Provided records:

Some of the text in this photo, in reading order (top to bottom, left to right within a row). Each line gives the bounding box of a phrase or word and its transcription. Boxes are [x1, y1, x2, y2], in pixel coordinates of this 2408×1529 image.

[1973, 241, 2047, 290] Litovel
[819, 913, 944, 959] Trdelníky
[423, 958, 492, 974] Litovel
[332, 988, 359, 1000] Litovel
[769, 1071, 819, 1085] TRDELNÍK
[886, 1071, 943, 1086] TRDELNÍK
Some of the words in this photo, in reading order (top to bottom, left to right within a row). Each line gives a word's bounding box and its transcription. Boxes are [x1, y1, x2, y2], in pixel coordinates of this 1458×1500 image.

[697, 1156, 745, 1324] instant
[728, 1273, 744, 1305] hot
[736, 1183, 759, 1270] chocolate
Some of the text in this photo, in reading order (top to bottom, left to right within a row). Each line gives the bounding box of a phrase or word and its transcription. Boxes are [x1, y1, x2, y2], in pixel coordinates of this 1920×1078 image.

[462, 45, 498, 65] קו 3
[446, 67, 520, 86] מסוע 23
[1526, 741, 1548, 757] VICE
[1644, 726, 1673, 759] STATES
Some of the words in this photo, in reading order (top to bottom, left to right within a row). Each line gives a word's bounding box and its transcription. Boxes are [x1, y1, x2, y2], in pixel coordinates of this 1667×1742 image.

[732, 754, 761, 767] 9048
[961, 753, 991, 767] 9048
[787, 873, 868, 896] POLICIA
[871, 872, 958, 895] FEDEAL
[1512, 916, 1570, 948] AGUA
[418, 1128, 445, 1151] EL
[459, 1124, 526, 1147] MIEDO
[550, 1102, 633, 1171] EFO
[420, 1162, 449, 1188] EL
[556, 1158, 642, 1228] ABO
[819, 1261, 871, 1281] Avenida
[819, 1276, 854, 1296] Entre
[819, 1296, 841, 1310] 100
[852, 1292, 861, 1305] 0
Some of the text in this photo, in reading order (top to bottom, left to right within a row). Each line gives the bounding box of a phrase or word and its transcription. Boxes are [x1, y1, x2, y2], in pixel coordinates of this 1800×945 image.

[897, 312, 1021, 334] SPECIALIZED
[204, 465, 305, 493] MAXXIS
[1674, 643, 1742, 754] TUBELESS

Exercise goal: Your answer must be the records themselves, output again exactly.

Result of the task:
Some of the text in this photo, in reading order (top to bottom, left to right within a row). Each line gives the bounding box of a phrase or word and its transcription. Boxes are [x1, y1, x2, y2], in pixel coordinates of this 2408×1529 image.

[1973, 241, 2047, 290] Litovel
[819, 913, 944, 959] Trdelníky
[423, 958, 492, 974] Litovel
[332, 988, 359, 1000] Litovel
[769, 1071, 819, 1085] TRDELNÍK
[886, 1071, 943, 1086] TRDELNÍK
Some of the words in this photo, in reading order (top to bottom, left to right within a row). Each line gives a word's bounding box and its transcription. Boxes are [x1, y1, x2, y2], in pixel coordinates of this 1458×1500 image.

[697, 1156, 745, 1324] instant
[728, 1273, 744, 1305] hot
[736, 1183, 759, 1270] chocolate
Some of the text in this photo, in reading order (top to bottom, left to right within a row). Each line gives the bounding box of a phrase or word and its transcription. Boxes are [x1, y1, x2, y2], in pixel coordinates of this 1920×1078 image.

[462, 45, 498, 65] קו 3
[446, 67, 520, 86] מסוע 23
[1526, 741, 1548, 757] VICE
[1644, 726, 1673, 759] STATES
Some of the words in this photo, in reading order (top to bottom, left to right within a row). Each line gives a word's bounding box and its transcription. Boxes are [x1, y1, x2, y2], in pixel coordinates of this 1667×1742 image.

[732, 754, 761, 767] 9048
[961, 753, 991, 767] 9048
[787, 873, 868, 896] POLICIA
[871, 872, 958, 895] FEDEAL
[1512, 916, 1570, 948] AGUA
[418, 1128, 445, 1151] EL
[459, 1124, 526, 1147] MIEDO
[550, 1102, 633, 1171] EFO
[420, 1162, 449, 1188] EL
[556, 1158, 642, 1228] ABO
[819, 1261, 871, 1281] Avenida
[819, 1276, 854, 1296] Entre
[819, 1296, 841, 1310] 100
[852, 1292, 861, 1305] 0
Some of the text in this photo, in reading order (top to bottom, left to right within a row). Each line gives the bounding box of a phrase or word and its transcription. Boxes are [x1, y1, x2, y2], in pixel coordinates of this 1800×945 image.

[897, 312, 1021, 334] SPECIALIZED
[204, 465, 305, 493] MAXXIS
[1674, 643, 1742, 754] TUBELESS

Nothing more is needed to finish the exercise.